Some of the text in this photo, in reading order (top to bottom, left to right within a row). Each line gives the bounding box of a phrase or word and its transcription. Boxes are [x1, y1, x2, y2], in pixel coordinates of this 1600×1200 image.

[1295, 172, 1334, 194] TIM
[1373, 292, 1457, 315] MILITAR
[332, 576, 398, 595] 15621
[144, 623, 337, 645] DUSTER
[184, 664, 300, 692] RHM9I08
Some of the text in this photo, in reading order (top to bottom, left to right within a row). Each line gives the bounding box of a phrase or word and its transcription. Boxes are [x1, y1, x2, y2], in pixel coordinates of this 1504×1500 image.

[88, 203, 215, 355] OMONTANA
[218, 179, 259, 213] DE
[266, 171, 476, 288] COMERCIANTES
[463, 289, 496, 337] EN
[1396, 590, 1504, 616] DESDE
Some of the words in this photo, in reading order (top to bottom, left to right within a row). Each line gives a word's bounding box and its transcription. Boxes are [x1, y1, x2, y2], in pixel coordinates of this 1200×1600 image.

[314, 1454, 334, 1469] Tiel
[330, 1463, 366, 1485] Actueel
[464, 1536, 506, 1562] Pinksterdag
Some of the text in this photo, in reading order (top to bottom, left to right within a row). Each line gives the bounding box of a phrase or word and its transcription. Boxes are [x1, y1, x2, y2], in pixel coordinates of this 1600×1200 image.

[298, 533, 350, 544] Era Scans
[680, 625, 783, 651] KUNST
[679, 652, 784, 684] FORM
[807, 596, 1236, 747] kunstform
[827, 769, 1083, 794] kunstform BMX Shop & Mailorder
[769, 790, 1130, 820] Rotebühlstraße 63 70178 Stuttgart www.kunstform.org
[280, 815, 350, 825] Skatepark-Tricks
........
- [Aim of the exercise] Reproduce the full set of records precisely.

- [Task solution]
Some of the text in this photo, in reading order (top to bottom, left to right within a row). Each line gives the bounding box of a phrase or word and its transcription. Boxes are [x1, y1, x2, y2], in pixel coordinates of this 1600×1200 image.

[1295, 172, 1334, 194] TIM
[1373, 292, 1457, 315] MILITAR
[332, 576, 398, 595] 15621
[144, 623, 337, 645] DUSTER
[184, 664, 300, 692] RHM9I08
Some of the text in this photo, in reading order (top to bottom, left to right within a row). Each line gives the bounding box of a phrase or word and its transcription. Boxes are [x1, y1, x2, y2], in pixel coordinates of this 1504×1500 image.

[88, 203, 215, 355] OMONTANA
[218, 179, 259, 213] DE
[266, 171, 476, 288] COMERCIANTES
[463, 289, 496, 337] EN
[1396, 590, 1504, 616] DESDE
Some of the words in this photo, in reading order (top to bottom, left to right within a row). Each line gives a word's bounding box and its transcription. Boxes are [x1, y1, x2, y2], in pixel coordinates of this 1200×1600 image.

[314, 1454, 334, 1469] Tiel
[330, 1463, 366, 1485] Actueel
[464, 1536, 506, 1562] Pinksterdag
Some of the text in this photo, in reading order (top to bottom, left to right within a row). Each line gives the bounding box of a phrase or word and its transcription. Boxes are [x1, y1, x2, y2], in pixel coordinates of this 1600×1200 image.

[298, 533, 350, 544] Era Scans
[680, 625, 783, 651] KUNST
[679, 652, 784, 684] FORM
[807, 596, 1236, 747] kunstform
[827, 769, 1083, 794] kunstform BMX Shop & Mailorder
[769, 790, 1130, 820] Rotebühlstraße 63 70178 Stuttgart www.kunstform.org
[280, 815, 350, 825] Skatepark-Tricks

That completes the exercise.